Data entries
------------------------------
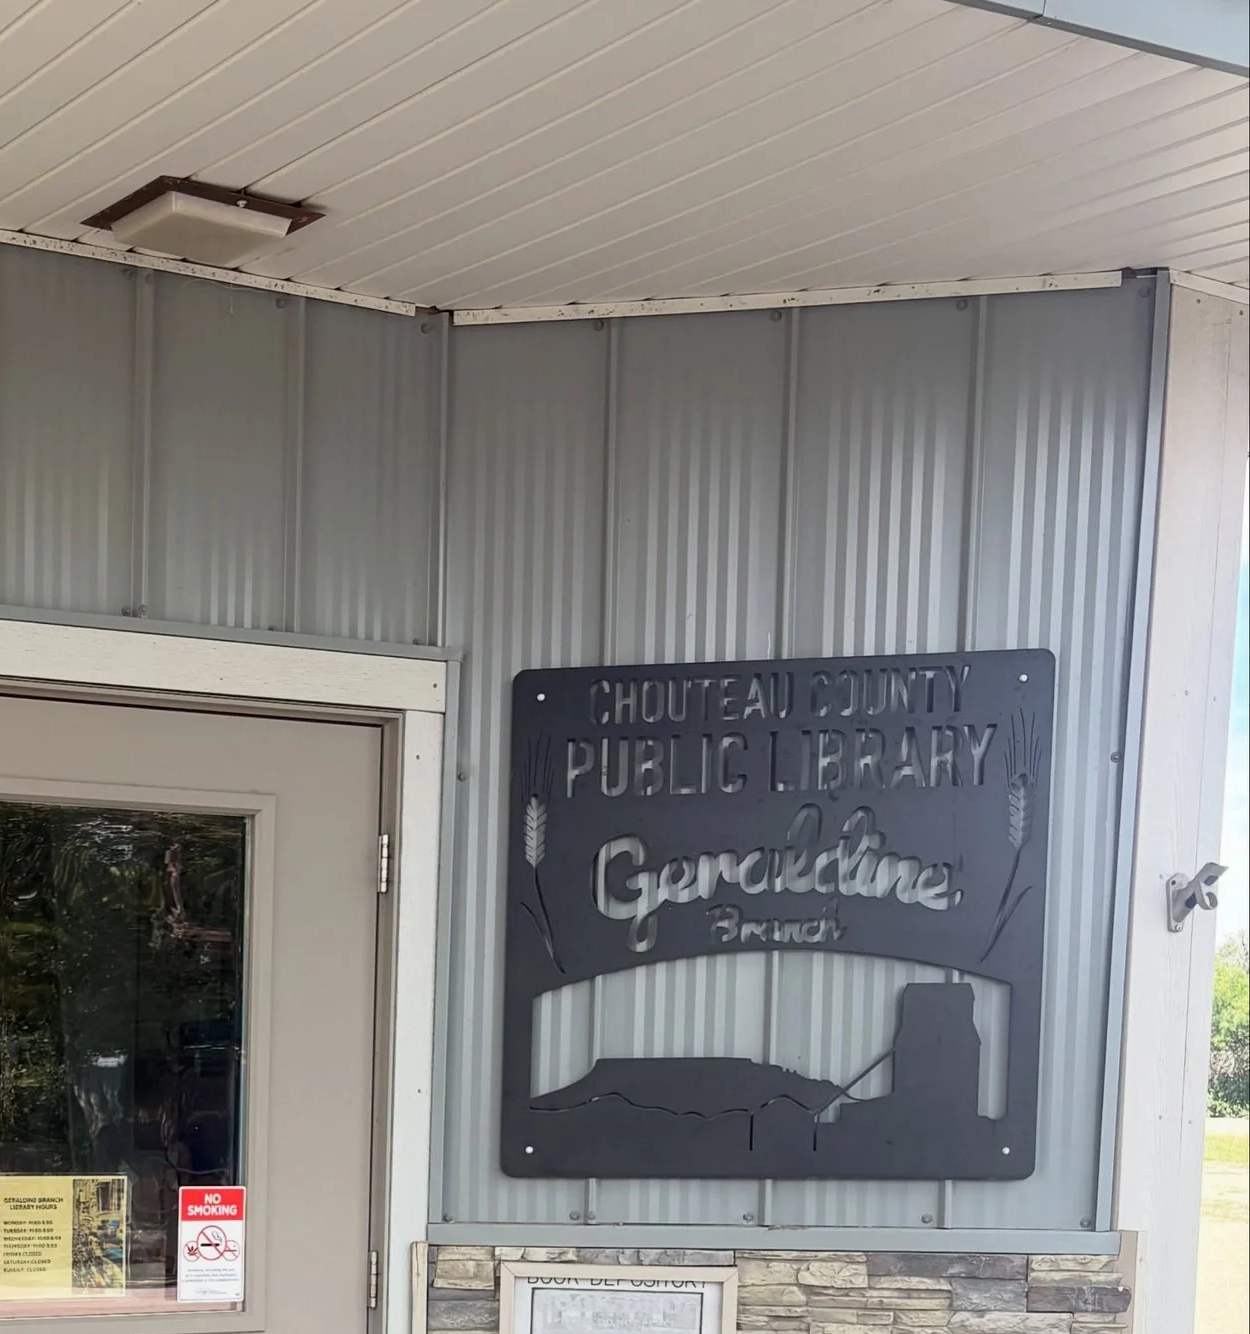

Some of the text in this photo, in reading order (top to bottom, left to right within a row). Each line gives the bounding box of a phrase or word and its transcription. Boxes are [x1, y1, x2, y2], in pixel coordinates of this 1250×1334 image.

[589, 664, 972, 726] CHOUTEAU COUNTY
[566, 723, 999, 800] PUBLIC LIBRARY
[592, 802, 964, 954] Geraldine
[706, 900, 846, 944] Branch
[187, 1203, 239, 1217] SMOKING
[204, 1193, 222, 1205] NO
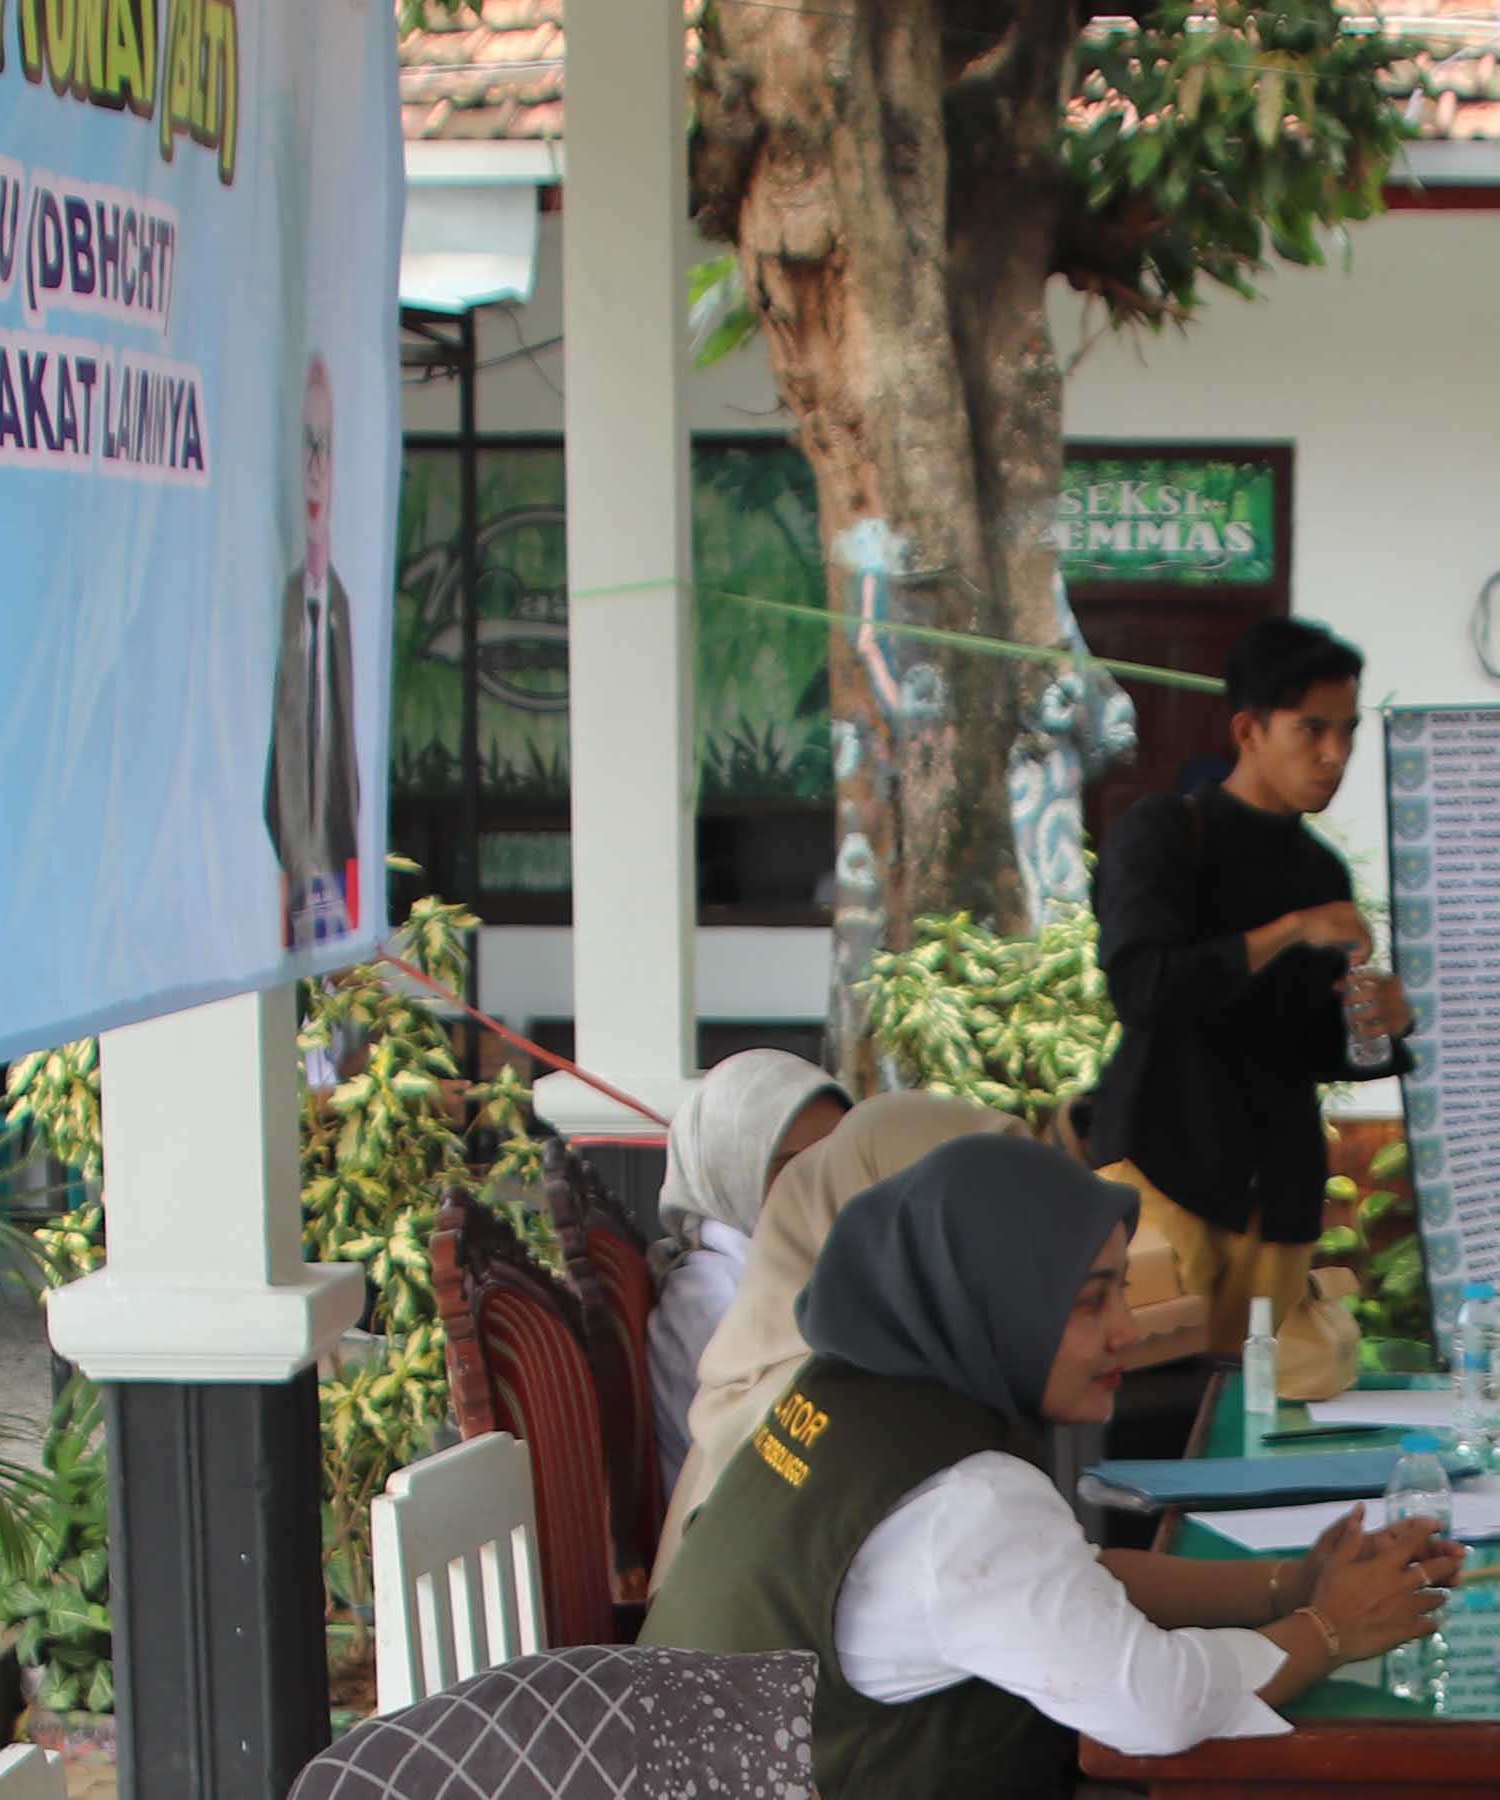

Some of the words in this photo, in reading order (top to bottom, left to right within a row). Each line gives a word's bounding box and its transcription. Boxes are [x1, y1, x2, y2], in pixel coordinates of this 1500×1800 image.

[25, 185, 176, 337] (DBHCHT)
[101, 361, 205, 471] LAINNYA
[1057, 479, 1204, 516] SEKSI
------------------------------
◆ **Required work**:
Retype exactly, please, each line from the line that contains "Some of the words" through the last line of the entries above, with nothing added.

◆ **Written response**:
Some of the words in this photo, in reading order (top to bottom, left to right within a row). Each line gives a word's bounding box and its transcription. Boxes are [x1, y1, x2, y2], in pixel coordinates of this 1500×1800 image.

[25, 185, 176, 337] (DBHCHT)
[101, 361, 205, 471] LAINNYA
[1057, 479, 1204, 516] SEKSI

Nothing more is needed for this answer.